While quite large by itself with over 800 acres, the Russell Abbott State Forest abuts other conservation properties making for a lot of natural habitat for New Hampshire wildlife. Part of the Mason Rail Trail goes through it and is popular with cyclists and snowmobilers. The Russell Abbott has miles and miles of well-marked trails, but there is no map at the time of this writing. That shouldn’t deter you from visiting. At the main parking area on Pratt Pond Road, trails lead off in both directions around the pond. The forest is mixed hardwood and hides some seriously craggy granite ledges (some you’ll have to climb, but they’re not too difficult). In between those ledges are some secret ponds, marshes and brooks. There are thick swaths of mountain laurel and witch hazel and in the fall, clusters of sugar maple color the canopy with intense yellows and oranges.

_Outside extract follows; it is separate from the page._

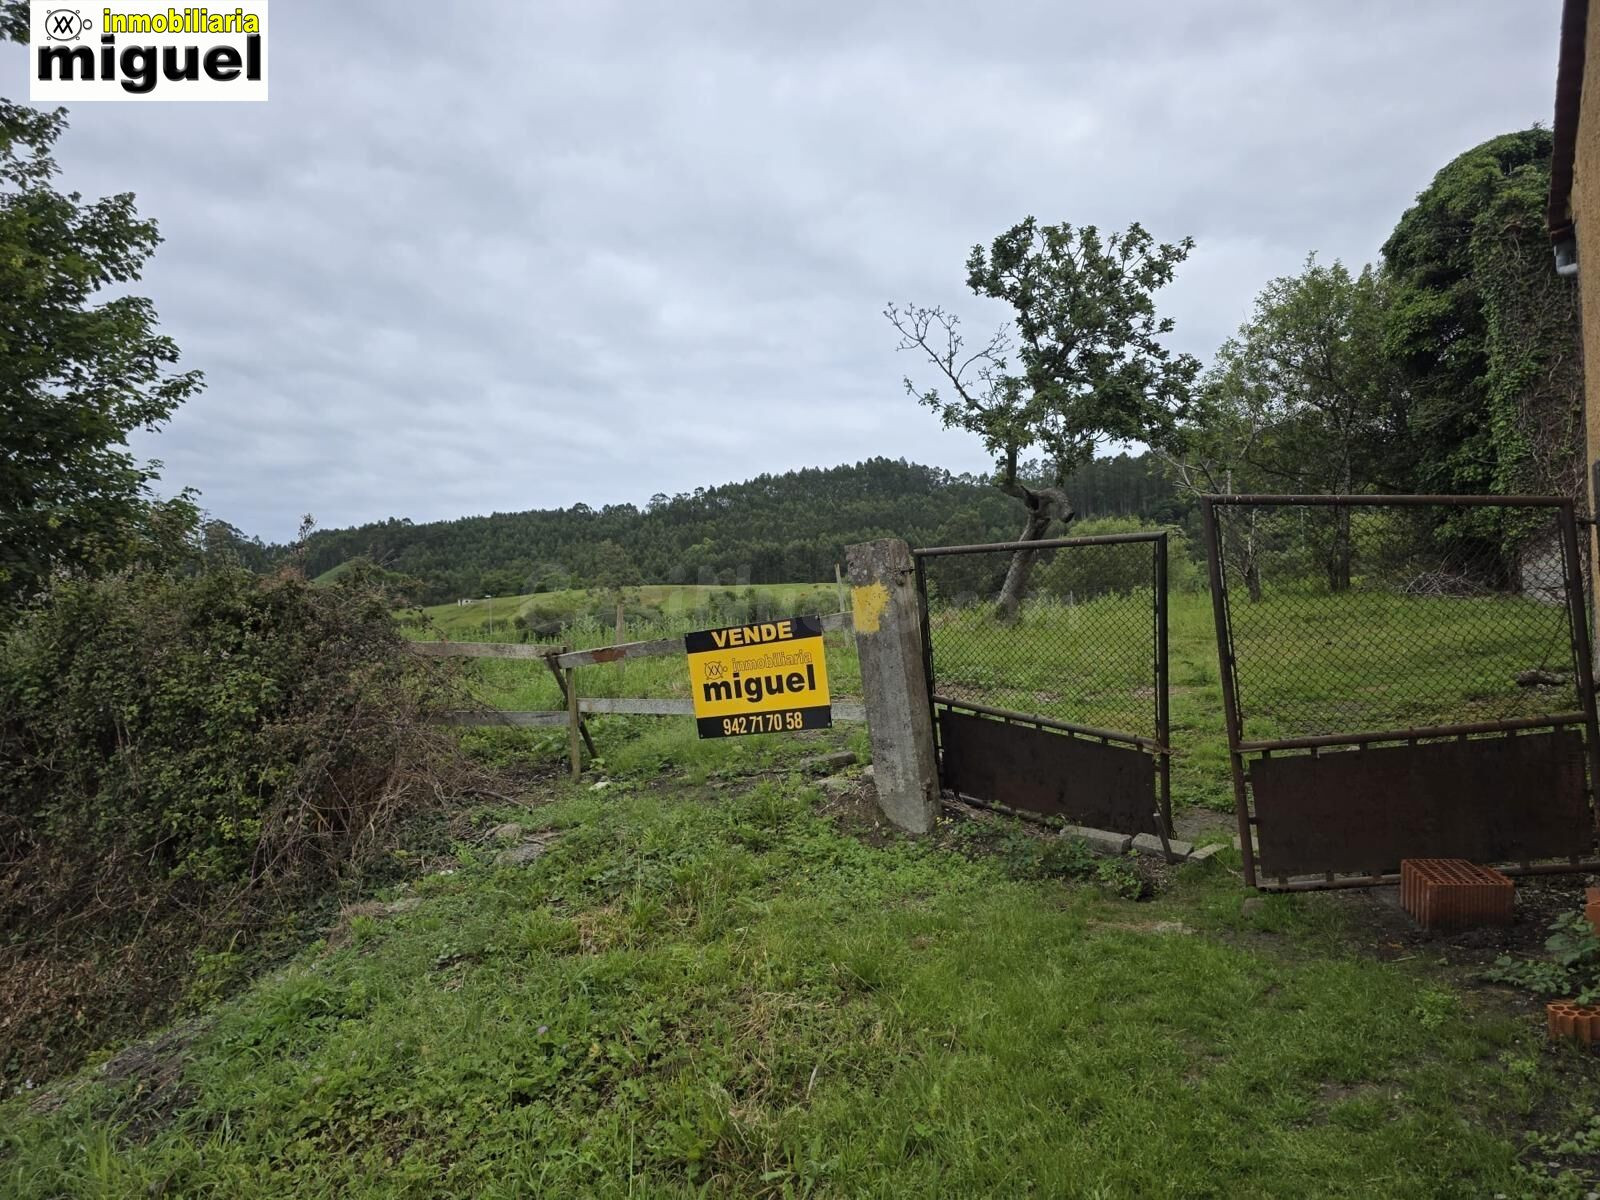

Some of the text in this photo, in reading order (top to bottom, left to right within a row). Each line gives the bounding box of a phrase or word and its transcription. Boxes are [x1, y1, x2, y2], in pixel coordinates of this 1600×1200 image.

Also on site are the remains of an extensive potato starch mill operation. Potato starch was used commercially in the manufacture of cotton and in a more homey fashion to thicken puddings. The mill was built in 1818 by Ezra and Samuel Abbott who were born in nearby Wilton. It was the second such mill for Ezra Abbott, but the first to use the power of water. Great planning, scheming and secrecy went into the invention and fabrication of the machinery, and when they perfected the process the brothers added a 30 x 60 foot structure to an existing, but disused mill. Local farmers provided between 6,000 and 26,000 bushels of potatoes annually with an average yield of 40 tons of starch. In 1828 the mill burned and was rebuilt only to burn again in 1839 and need yet another rebuild. When Ezra retired he left the business to his son and nephew who ran it until 1850 when potato blight destroyed local crops. The mill continued operation, this time for wooden products such as barrel staves.
How to get there –
Head for the town of Mason, NH
From Route 13 turn onto N. Mason Road then left onto Old County Road and an almost immediate right onto Starch Mill Road. Follow until Pratt Pond road on your left. From Route 31 turn onto Adams Hill Road, continue and turn right onto Pratt Pond road. The parking area is large and there is a sign set back from the road. Be careful in wet seasons as Pratt Road is dirt and can get quite muddy.
More photos can be found here.
Happy trails and remember to carry out what you carry in (and pick up after those who don’t) and please leash your dogs! Also please respect local rules and regulations.